Barrasso: Obama Letting Political Correctness Dictate Ebola Policies

Barrasso: Obama Letting Political Correctness Dictate Ebola Policies

President Obama is taking his cues from the United Nation’s World Health Organization when he should be looking to protect Americans first, Sen. John Barrasso (R-WY) argued Wednesday.

“The President has said, ‘Well I’ll follow the guidelines of the World Health Organization.’ That’s what he said and you know the Word Health Organization is run by the United Nations, not the United States. It is much more of a political organization. And the President is trying to be politically correct,” Barrasso, an orthopedic surgeon, said on a conference call with Sen. John Thune (R-SD), hosted by the Iowa Republican Party.

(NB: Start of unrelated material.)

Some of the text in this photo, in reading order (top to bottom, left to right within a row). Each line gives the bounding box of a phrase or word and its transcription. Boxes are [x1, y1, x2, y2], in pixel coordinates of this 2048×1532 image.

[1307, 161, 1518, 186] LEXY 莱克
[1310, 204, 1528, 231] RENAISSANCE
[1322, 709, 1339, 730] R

Barrasso tied Iowa’s Democratic candidate for U.S. Senate, Bruce Braley to the President arguing that he, like Obama, is focused more on what to say about Ebola than what to do about it. 

Braley is currently in a tight race against Republican Joni Ernst, who has called for a temporary travel ban on Ebola affected countries.

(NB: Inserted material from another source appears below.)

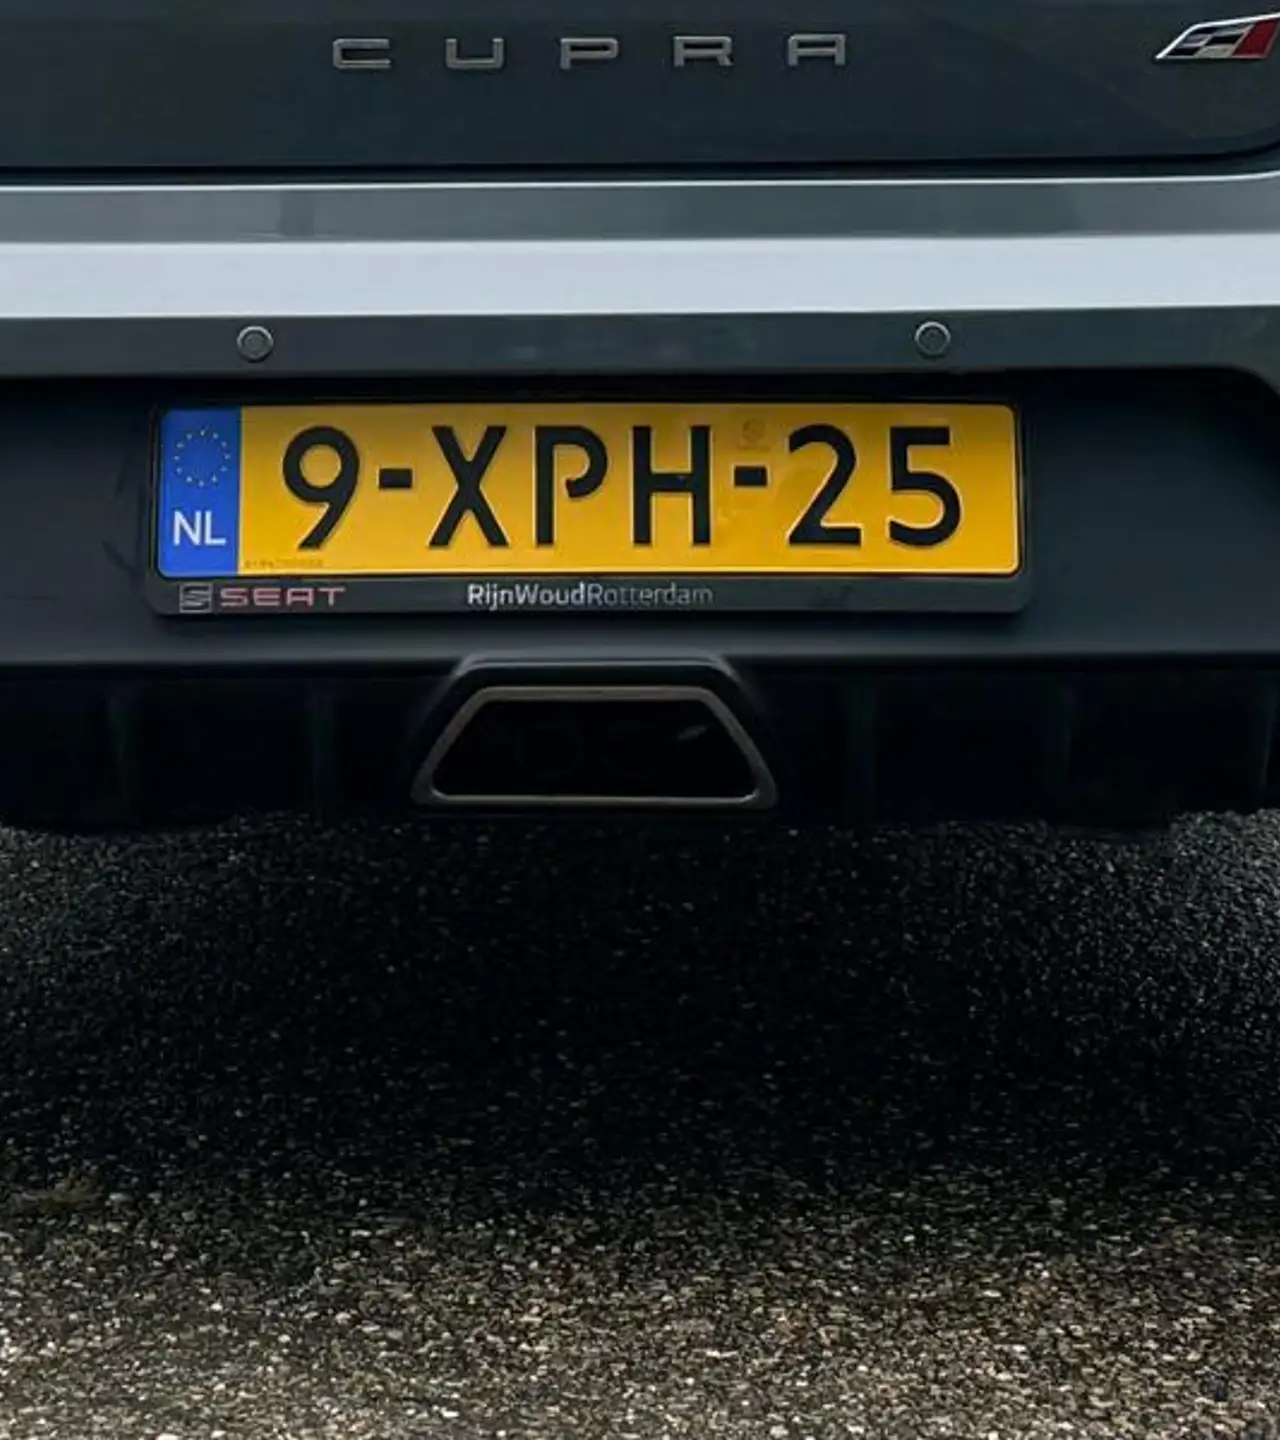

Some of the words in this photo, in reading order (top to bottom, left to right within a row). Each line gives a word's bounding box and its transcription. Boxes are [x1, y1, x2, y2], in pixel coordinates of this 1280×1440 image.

[333, 33, 847, 70] CUPRA
[281, 424, 963, 549] 9-XPH-25
[172, 511, 227, 547] NL
[220, 586, 347, 607] SEAT

“The president of the United States, Members of Congress take an oath of office to protect and defend this country, the Constitution, and yet we don’t see that coming from the President who wants to depend on whatever the World Health Organization has to say,” Barrasso said. “Whatever the United Nations has to say. And what we have in Joni Ernst as well as in John Thune and John Barrasso are people who want to make sure the United states is put first, not the United Nations.”

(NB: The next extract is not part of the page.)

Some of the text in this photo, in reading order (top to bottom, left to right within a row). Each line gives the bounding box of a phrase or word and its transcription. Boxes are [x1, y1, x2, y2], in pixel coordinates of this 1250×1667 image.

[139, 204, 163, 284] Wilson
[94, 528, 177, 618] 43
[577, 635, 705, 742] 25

Thune stressed that the Obama administration’s response to the Ebola crisis has been “unacceptable.”

“We shouldn’t delay, I should say, to take additional measures to prevent individuals carrying the virus from traveling to the United States. We believe that a temporary travel ban for such individuals who live in or have traveled from certain western African countries is reasonable and it’s timely,” Thune said. 

Given that the Obama administration has refused to institute such restrictions, Thune added, Congress must act.

“We want to push to pass a travel ban as soon as possible when Congress returns,” he said.